## [Aim of the task]
Your answer should hold the data exactly as given, minus any picture.
------ Data records
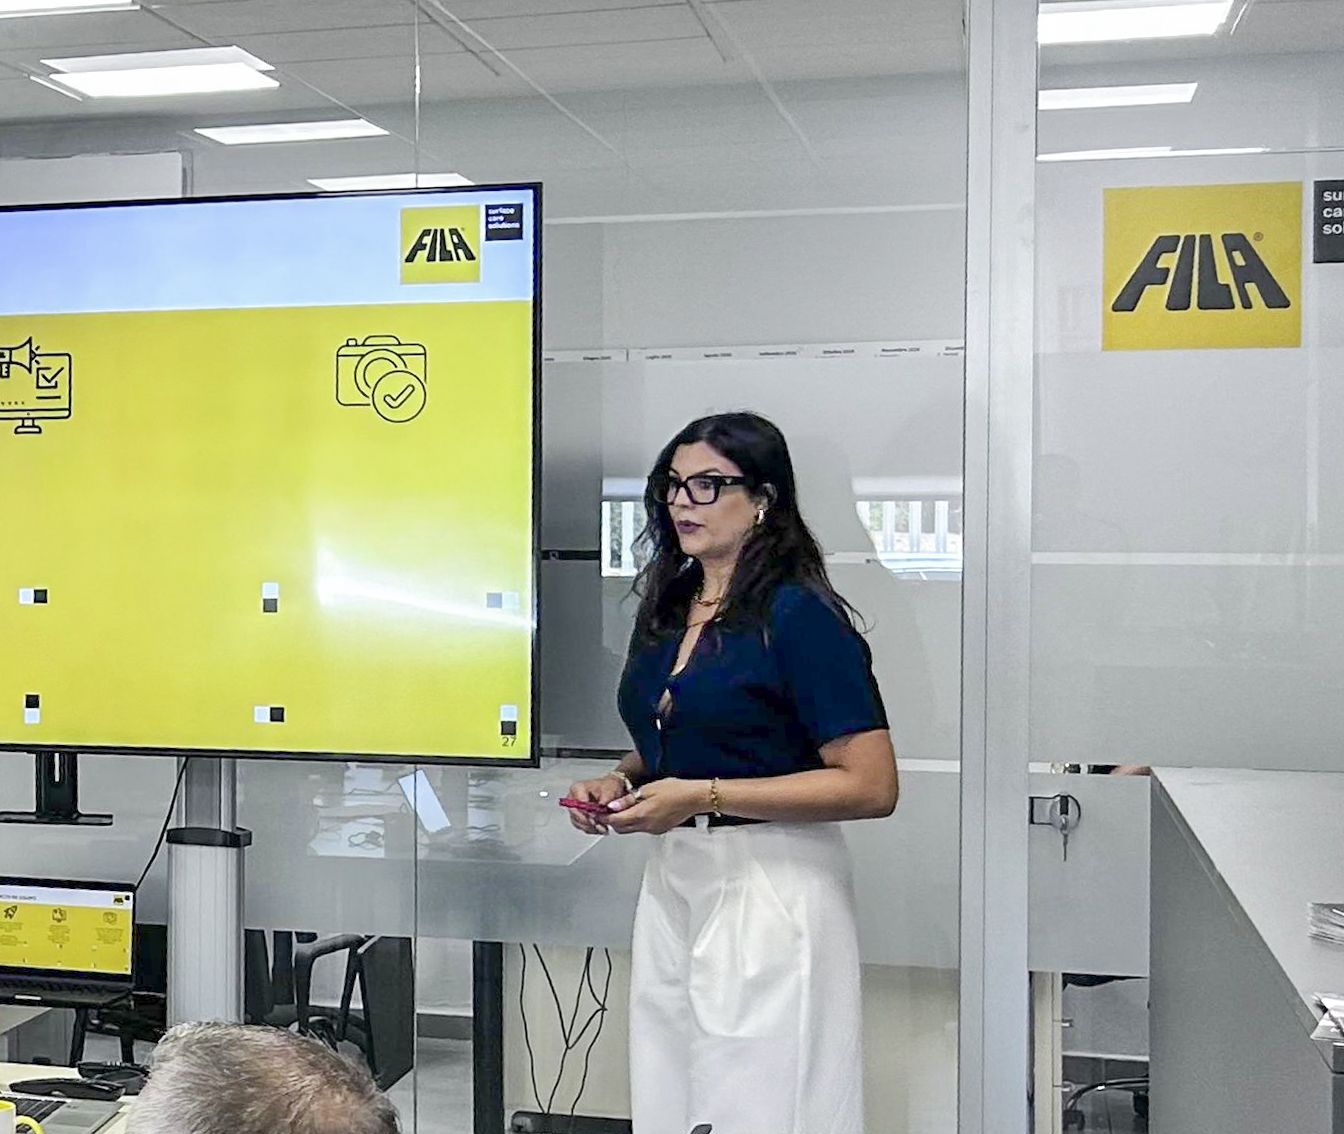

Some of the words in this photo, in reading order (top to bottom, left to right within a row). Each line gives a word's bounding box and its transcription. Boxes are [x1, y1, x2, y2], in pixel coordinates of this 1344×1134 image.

[1322, 191, 1344, 201] su
[1322, 207, 1344, 218] ca
[405, 228, 476, 262] FILA
[1112, 233, 1291, 312] FILA
[502, 736, 517, 748] 27
------------
## [Solution]
Some of the words in this photo, in reading order (top to bottom, left to right within a row). Each line gives a word's bounding box and its transcription. Boxes are [x1, y1, x2, y2], in pixel coordinates of this 1344×1134 image.

[1322, 191, 1344, 201] su
[1322, 207, 1344, 218] ca
[405, 228, 476, 262] FILA
[1112, 233, 1291, 312] FILA
[502, 736, 517, 748] 27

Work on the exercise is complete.